Baby Fall Go Boom

This week’s guest columnist is Dr. Leslie Birdsong, a family practice resident at the University Health Center here in Lafayette.

You are downstairs doing a million things.  Your kids are upstairs playing, making sounds like herding elephants.  Suddenly you hear a louder crash.  You strain to listen, and have that stab of anxiety: what sound is next?  Laughter and more elephants, or gut-wrenching silence?  You yell up the stairs, “Is everybody ok?” More silence.  Now you are truly frightened and bound up the stairs .
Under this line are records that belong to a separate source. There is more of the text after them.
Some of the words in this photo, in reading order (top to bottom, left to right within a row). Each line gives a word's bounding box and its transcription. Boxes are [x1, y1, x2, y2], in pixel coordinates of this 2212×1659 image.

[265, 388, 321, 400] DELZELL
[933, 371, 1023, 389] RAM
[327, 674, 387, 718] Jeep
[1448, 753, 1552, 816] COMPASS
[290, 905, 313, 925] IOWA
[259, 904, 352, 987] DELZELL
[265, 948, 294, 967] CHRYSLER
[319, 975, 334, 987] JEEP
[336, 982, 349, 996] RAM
Every parent fears their child having a head injury.  Head injuries make up many hospital visits for kids.  Here are some numbers: In kids less than 14 years, yearly there are over 500,000 Emergency Department visits for head injuries.  37,000 of those kids get admitted to the hospital for observation, or surgery.  So when do you need to bring your child to the hospital?  Here are some rules.

We divide head injuries into two groups: those younger than two years old, and those two and older.  This is because younger children react differently to head injuries. They are more difficult to assess because they can’t tell us what’s wrong. Also, infants may not show many outward signs of injury.
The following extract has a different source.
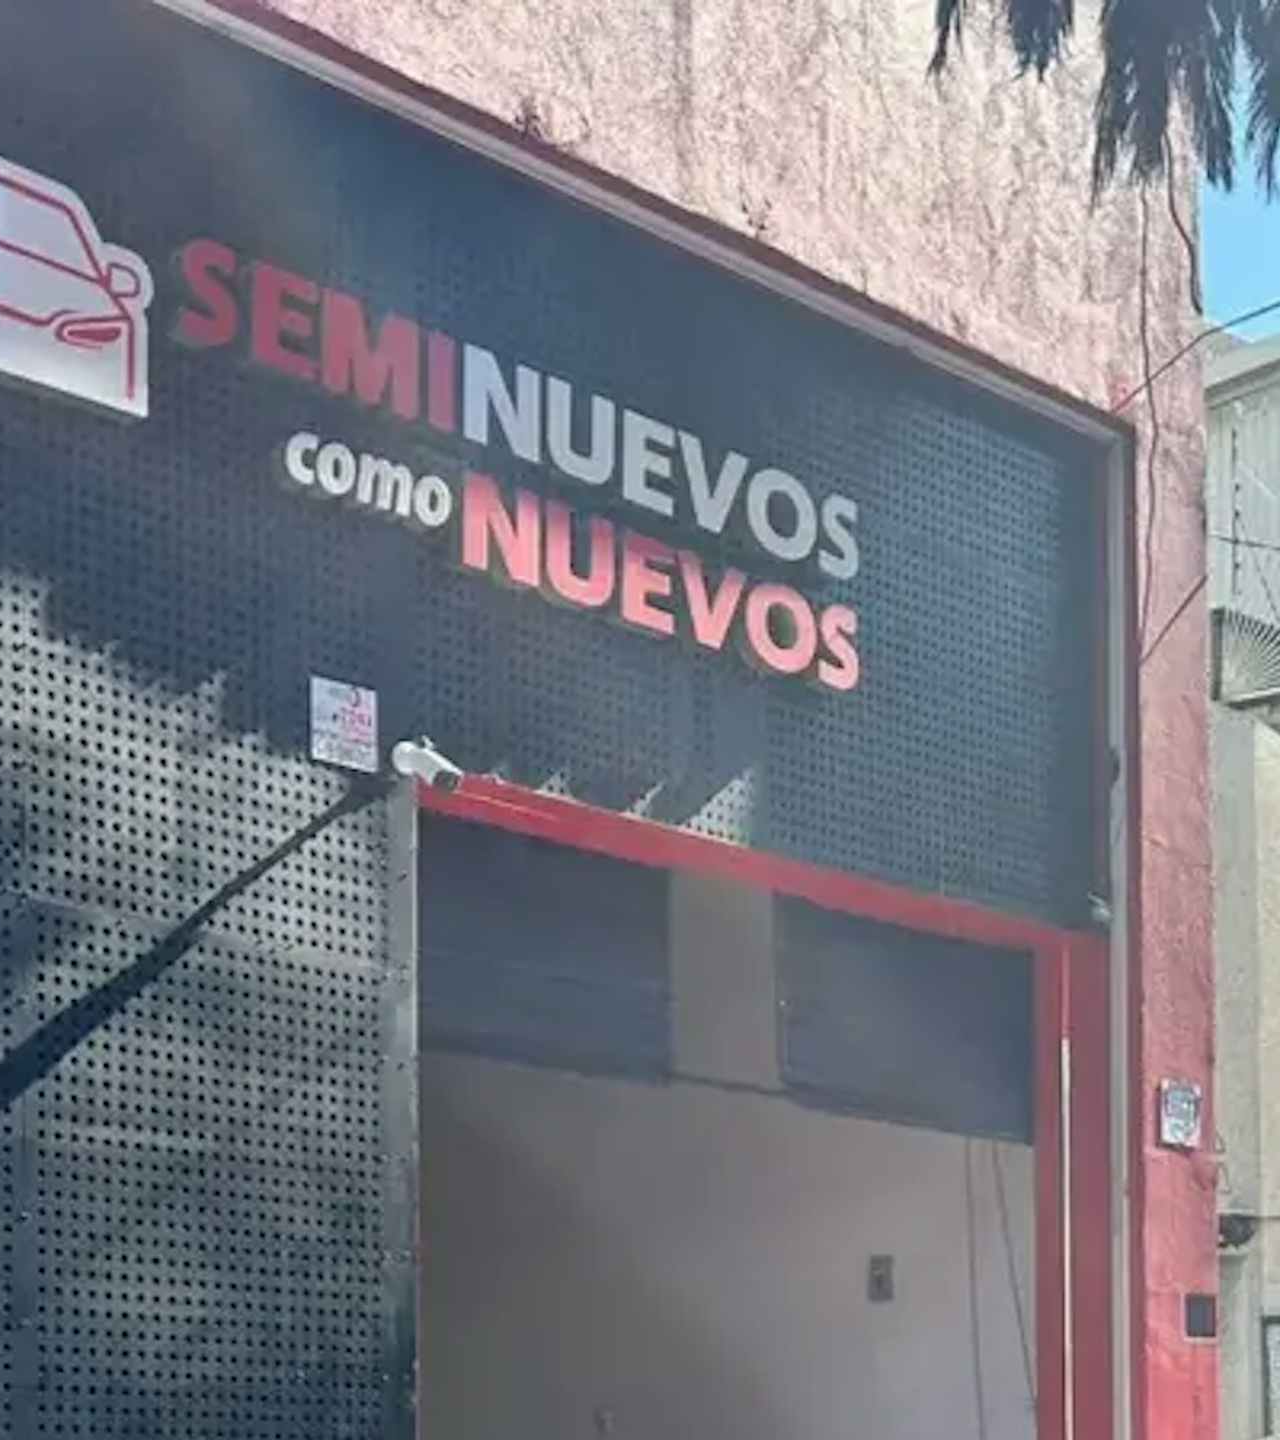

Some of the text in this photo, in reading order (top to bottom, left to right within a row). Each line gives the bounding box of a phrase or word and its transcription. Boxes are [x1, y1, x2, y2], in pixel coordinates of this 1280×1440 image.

[175, 237, 859, 580] SEMINUEVOS
[285, 431, 860, 692] como NUEVOS
In kids less than two, here are the rules.  1.  Is the child walking, talking, and acting well for their age when we see them in the ED?  2.  Is the child acting like themselves for mom and dad?  You are with your child a whole lot more than the 10 minutes we get. Tell us if your kid is acting “funny.”  3. Are there big lumps on the scalp? Swelling and bruises on the forehead are okay, but swelling on other parts of the skull needs checking.  4.  Did the child lose consciousness?  Any child that gets knocked out should be seen.  5.  Was the injury mechanism severe?  If a child falls over from standing and hits her head- no big deal.  But a fall on the head from greater than three feet could be trouble.  A fender-bender car crash doesn’t require an evaluation, but if the car rolled over the kids need to be checked.  Impacts from baseball bats and golf clubs- bring ‘em in!
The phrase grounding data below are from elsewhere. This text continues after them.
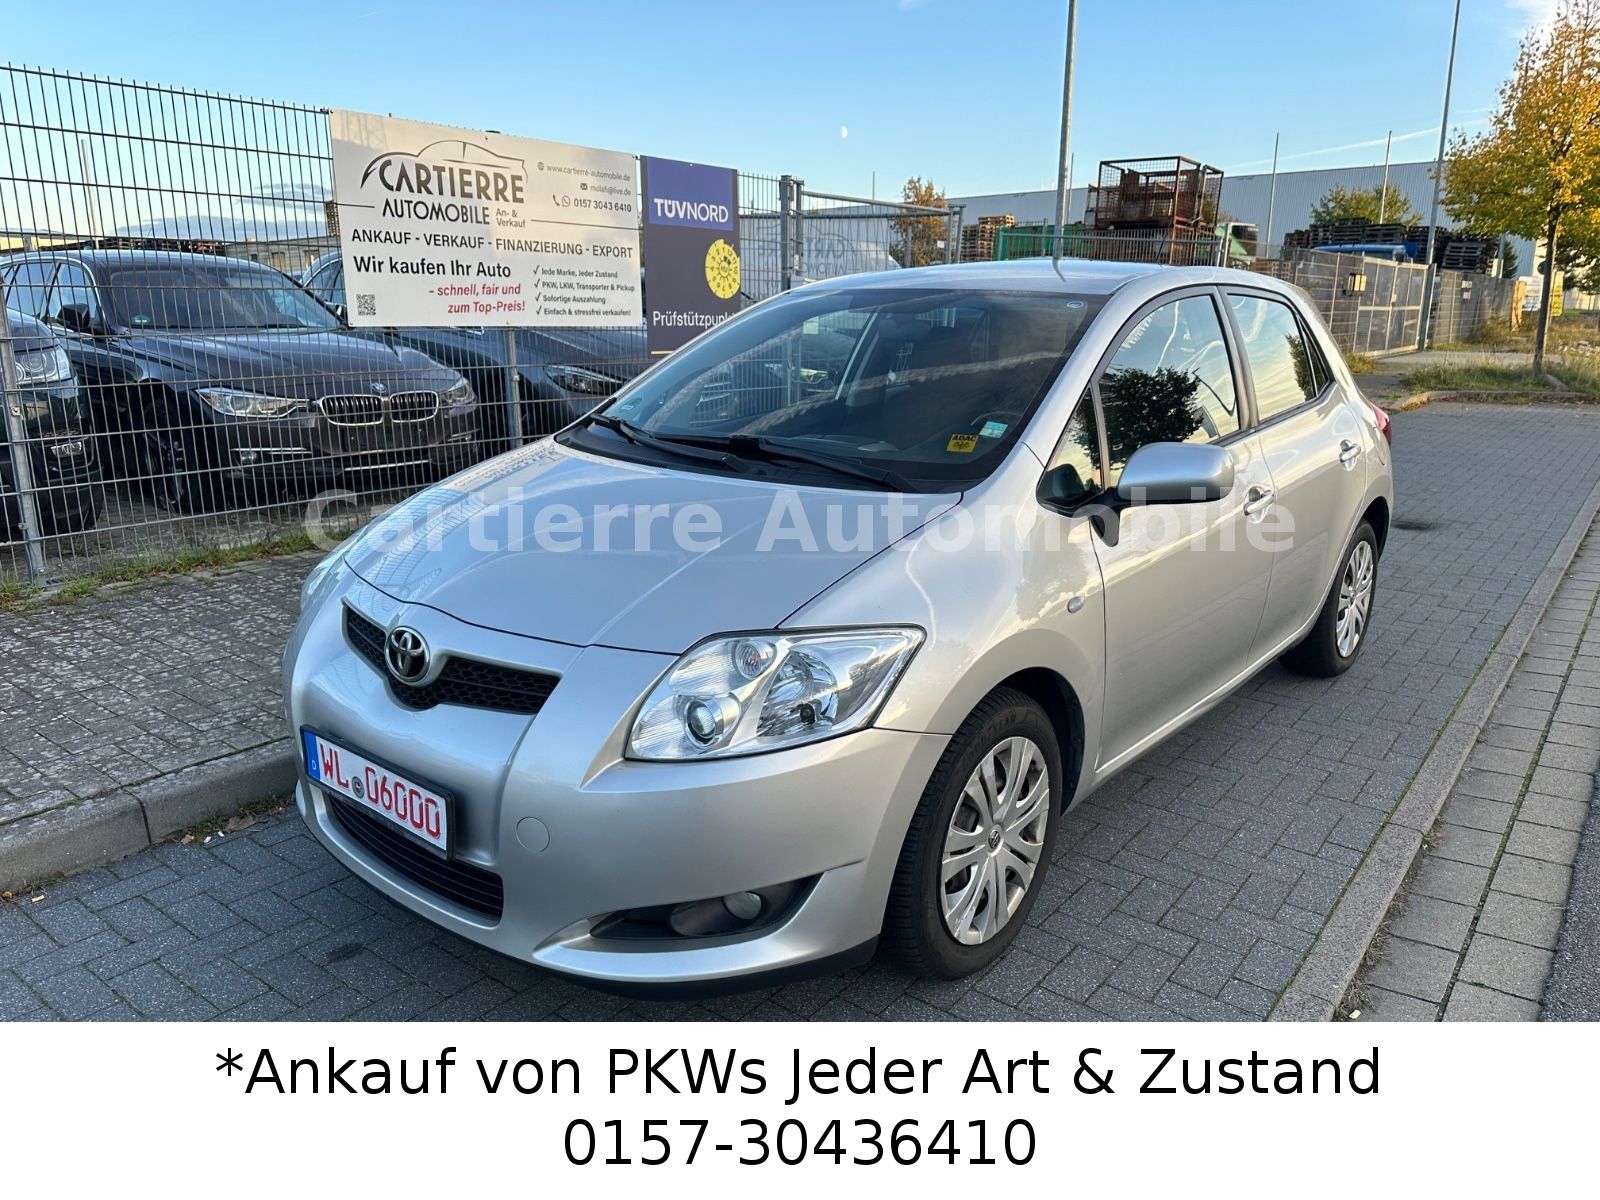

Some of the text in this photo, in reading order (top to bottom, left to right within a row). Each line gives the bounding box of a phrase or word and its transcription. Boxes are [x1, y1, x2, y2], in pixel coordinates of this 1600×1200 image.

[546, 164, 631, 182] www.cartierre-automobile.de
[379, 159, 525, 204] CARTIERRE
[382, 198, 490, 225] AUTOMOBILE
[573, 198, 632, 213] 0157 3043 6410
[496, 208, 519, 218] An- &
[496, 217, 526, 229] Verkauf
[352, 228, 412, 245] ANKAUF
[423, 233, 485, 249] VERKAUF
[495, 238, 583, 255] FINANZIERUNG
[592, 245, 633, 259] EXPORT
[353, 256, 512, 278] Wir kaufen Ihr Auto
[541, 268, 618, 279] Jede Marke, Jeder Zustand
[437, 284, 480, 297] schnell,
[481, 284, 499, 296] fair
[501, 284, 521, 295] und
[542, 281, 635, 294] PKW, LKW, Transporter & Pickup
[542, 294, 606, 305] Sofortige Auszahlung
[447, 301, 526, 315] zum Top-Preis!
[543, 308, 567, 316] Einfach
[568, 308, 573, 316] &
[574, 308, 601, 316] stressfrei
[319, 742, 441, 840] WL 06000
For little kids, the common and scary scenario is usually like above- the parent hears boom and then silence.  For older kids it is the call from the school or worse, from the police- your child has had an accident.  Still, most older kids have mild head injuries they easily shake off.  The rules to assess children older than two are a little different than the ones for the babies and toddlers from above.

1.  Is the child awake, alert, and acting normally?  2.  Was the kid knocked out?  3.  Is the child vomiting?  Note that vomiting is NOT on the list for kids under two years- they can vomit just from crying really hard or gagging on mucus.  But if kids over two are vomiting because of a head injury- that worries us.  4.  Does the child have a bad headache?  The littler kids can’t tell us about this but the older kids can, and that counts.  5.  Was the mechanism of injury severe?  This means falls onto the head from greater than 5 feet, a car roll-over, or an impact from a thrown baseball or swung bat.

When a kid meets any of these criteria, they may need a CT scan of the brain.  CT scan helps find bad things like bleeding in the brain or skull fractures.  So why don’t we just scan every kid and be sure?  No, it’s not about the money.  CT scan uses lots of radiation, up to 500 times the radiation of a regular x-ray.  Our physician motto “Do No Harm” comes into play.  The benefit of seeing into the skull needs to outweigh the risk of future cancers.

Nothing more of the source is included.